A Thalamocortical Model For Contextual Inference

In the quest to understand how our brains process and adapt to complex environments, computational models have long served as powerful tools to simulate neural circuits. This has been certainly the case for vision, starting with Hubel and Wiesel receptive field models and ending with state-of-the-art deep neural network models capturing primate core object recognition. To go beyond recognition and into higher cognitive capacities including reasoning and inference, multiple groups have been using recurrent neural networks (RNN), which can solve tasks that require maintenance and manipulation of information over time. These approaches have been quite amazing and have taught us quite a bit about population coding, and how various computational processes can be instantiated in neural hardware (e.g. short term memory and integration). Our lab has been interested in the types of inductive biases the brain has, those that allow us to learn rapidly and adapt to complex environments. This interest has led to ask the question of—why is the brain wired the way it is? Why has evolution decided that we should have a thalamus in the middle of the forebrain which is reciprocally connected to all cortical areas, including the reasoning/inferential machine we call the prefrontal cortex.
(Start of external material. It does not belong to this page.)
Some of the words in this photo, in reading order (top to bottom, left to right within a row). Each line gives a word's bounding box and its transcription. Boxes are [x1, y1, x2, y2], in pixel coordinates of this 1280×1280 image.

These questions have led us on a largely empirical journey over the last decade, recording from the thalamus and prefrontal cortex in animals solving various tasks. In collaboration with a number of colleagues, we have also tried to summarize our results and understanding of them in the form of neural models. I would like to highlight the latest of those—the paper, “Rapid contextual inference by a thalamocortical model using recurrent neural networks,” led by Wei-Long Zheng, a former postdoc in the lab and now Professor at Shanghai Jiao Tong University.
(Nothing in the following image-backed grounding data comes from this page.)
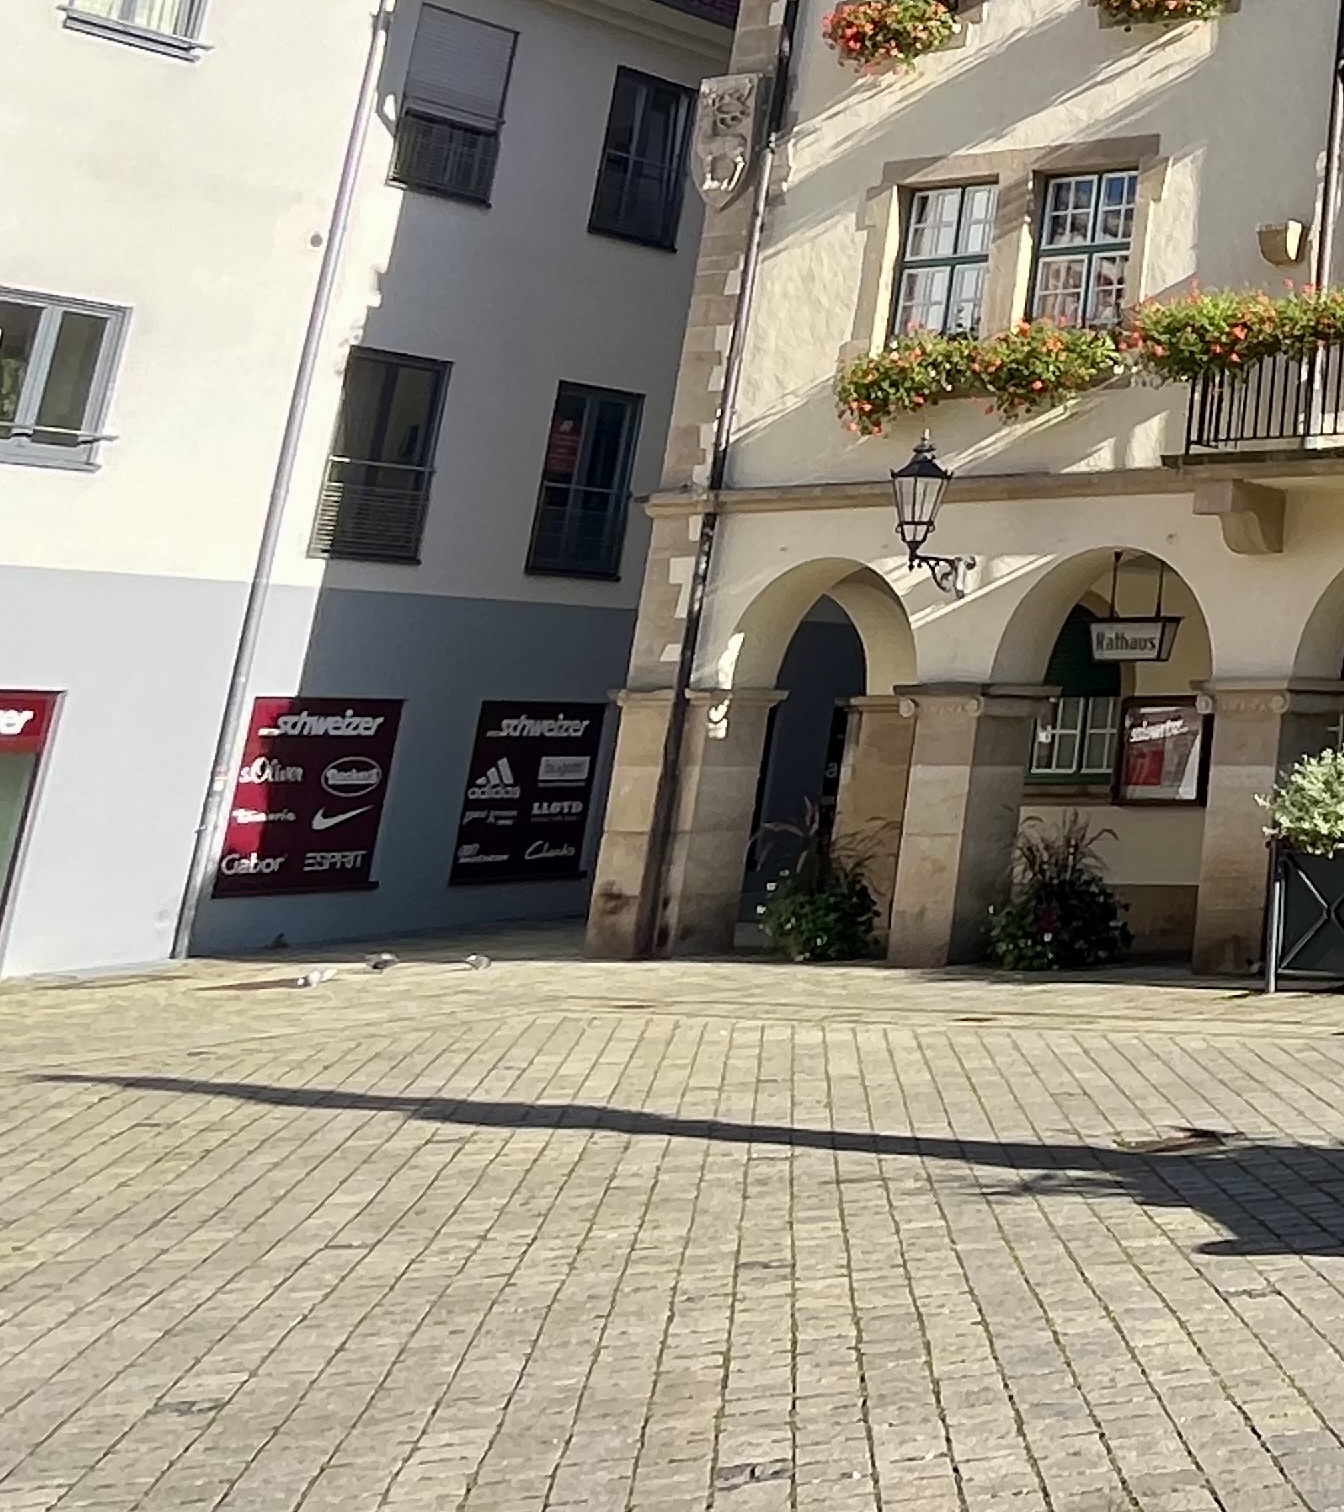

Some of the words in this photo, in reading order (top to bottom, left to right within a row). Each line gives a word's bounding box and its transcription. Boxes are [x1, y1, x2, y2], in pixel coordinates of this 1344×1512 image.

[1096, 631, 1157, 652] Rathaus
[276, 709, 386, 736] schweizer
[500, 713, 591, 737] schweizer
[220, 851, 288, 876] Gabor
[302, 850, 368, 872] ESPRIT
Wei-Long’s paper, published in Nature Communications, uses a biologically inspired architecture to mimic the prefrontal cortex (as an RNN) and the mediodorsal thalamus (as a single layer feedforward network). The resulting hybrid network also includes some biologically-inspired tricks, such as convergent inputs, a special cortico-thalamic learning rule and a winner take all mechanism in the thalamus (to capture the function of the thalamic reticular nucleus). All told, this hybrid structure outperforms RNNs on a number of decision making tasks, mainly in the ability to infer that tasks have changed and in the ability to solve multiple tasks sequentially without interference. The thalamus-like feedforward network partitions the prefrontal cortex, reducing interference across task representations. There was very nice press coverage on this by Shanghai Jiao Tong University which I encourage people to read– https://news.sjtu.edu.cn/jdzh/20241008/202588.html (It’s in mandarin, but google translate does a very good job). I should also emphasize that this paper was possible because of the very talented collaborator we had—Robert Yang who was amazing to work with and had so many insights throughout. The two trainees involved, Zhongxuan Wu (student at UT Austin) and Ali Hummos (postdoc at MIT) did a terrific job helping Wei-Long with this study.
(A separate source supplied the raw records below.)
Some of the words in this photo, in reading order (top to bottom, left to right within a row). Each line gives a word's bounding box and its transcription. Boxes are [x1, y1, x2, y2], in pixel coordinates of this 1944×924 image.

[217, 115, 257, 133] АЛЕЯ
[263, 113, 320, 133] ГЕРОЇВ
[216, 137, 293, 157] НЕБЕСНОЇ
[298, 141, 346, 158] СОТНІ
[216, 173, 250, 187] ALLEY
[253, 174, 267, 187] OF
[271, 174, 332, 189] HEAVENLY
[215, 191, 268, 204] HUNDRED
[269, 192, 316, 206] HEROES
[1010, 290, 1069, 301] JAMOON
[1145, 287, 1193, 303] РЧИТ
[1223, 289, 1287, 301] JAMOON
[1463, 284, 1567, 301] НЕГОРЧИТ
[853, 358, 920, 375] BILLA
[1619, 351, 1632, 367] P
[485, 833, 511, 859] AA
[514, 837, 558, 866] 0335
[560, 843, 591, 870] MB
The broader context: task optimized networks as tools in systems neuroscience

The 2024 Nobel Prize in Physics was awarded to Geoff Hinton and John Hopfield for their pioneering work on backpropagation and associative networks, respectively. These ingredients laid the foundation for much of the neural network tools we have today, including those we use to model the brain. RNNs, with their ability to maintain information over time, have been critical in advancing AI, from language models to reinforcement learning systems. But their potential in neuroscience is equally profound—They are uniquely positioned to answer why questions—such as the fundamental question of ‘why is the brain wired the way it is?’.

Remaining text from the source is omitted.